NCPA lobbies for MTM coverage under Medicare Part D

ALEXANDRIA, Va. — The National Community Pharmacists Association on Wednesday urged U.S. Senators on the Senate Finance Committee to support a proposal — scheduled for a vote as soon as Thursday — intended to expand coverage in the Medicare Part D prescription drug program of medication therapy management programs.

“Community pharmacists are highly trained medication experts and expanding the MTM services that they provide can achieve better health outcomes and lower overall costs,” Douglas Hoey, NCPA CEO said. “The challenges of not adhering to prescription drug therapy are real and expensive, and pharmacist-delivered MTM services can make a world of difference for patients.”

The change is proposed by Sens. Pat Roberts, R-Kan., and Robert Casey, D-Penn., as an amendment to legislation before the Senate committee that would temporarily prevent cuts to Medicare payments to physicians. The Roberts-Casey amendment would require the U.S. Centers for Medicare and Medicaid Services to study whether the coverage of MTM services for patients with one chronic condition would reduce Medicare spending overall through the avoidance of costlier treatments such as hospitalizations. If CMS determines that the expansion in coverage would lower costs, then the expansion of MTM coverage would be required. Currently, only those patients suffering from specific multiple chronic conditions are eligible for MTM services.

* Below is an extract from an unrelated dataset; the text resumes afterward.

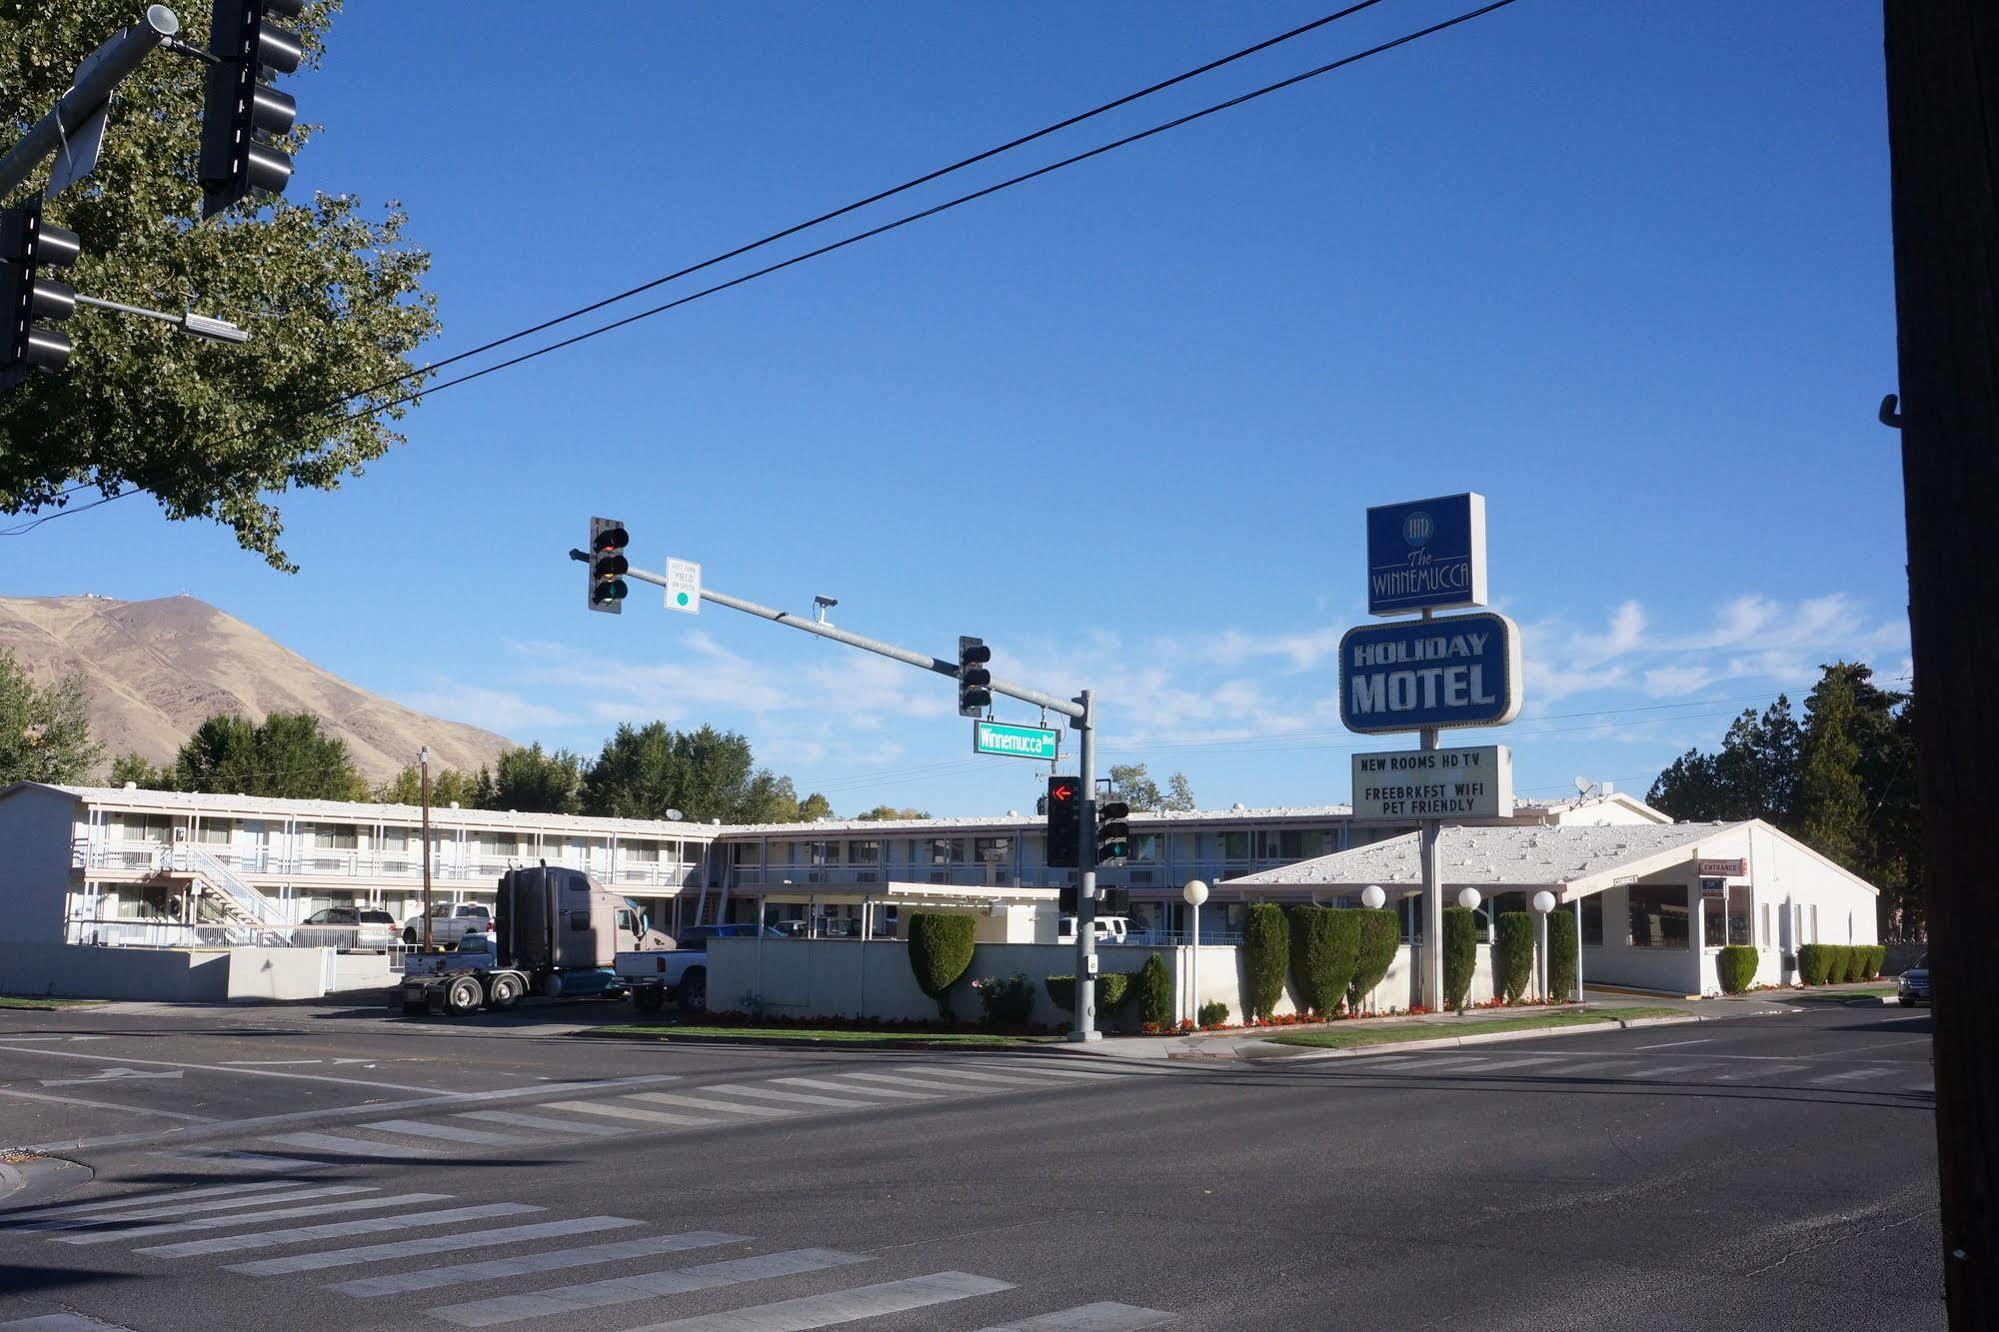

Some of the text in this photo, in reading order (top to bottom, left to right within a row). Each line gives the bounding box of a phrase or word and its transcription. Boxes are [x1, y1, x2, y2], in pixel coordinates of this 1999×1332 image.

Research indicates that the cost savings from MTM can be significant. One Minnesota study found a 12-to-1 return-on-investment for MTM.  In North Carolina, MTM programs helping seniors produced a 13-to-1 return.  

MTM involves pharmacists working with patients to review and monitor their medication plan to maximize its effectiveness and avoid potential health problems, ultimately helping to reduce costs in the long run.  

The Roberts-Casey amendment stems from bipartisan legislation (S. 557, the Medication Therapy Management Empowerment Act) introduced by Sen. Kay Hagan, D-N.C., and cosponsored by Casey, Roberts and 28 other senators.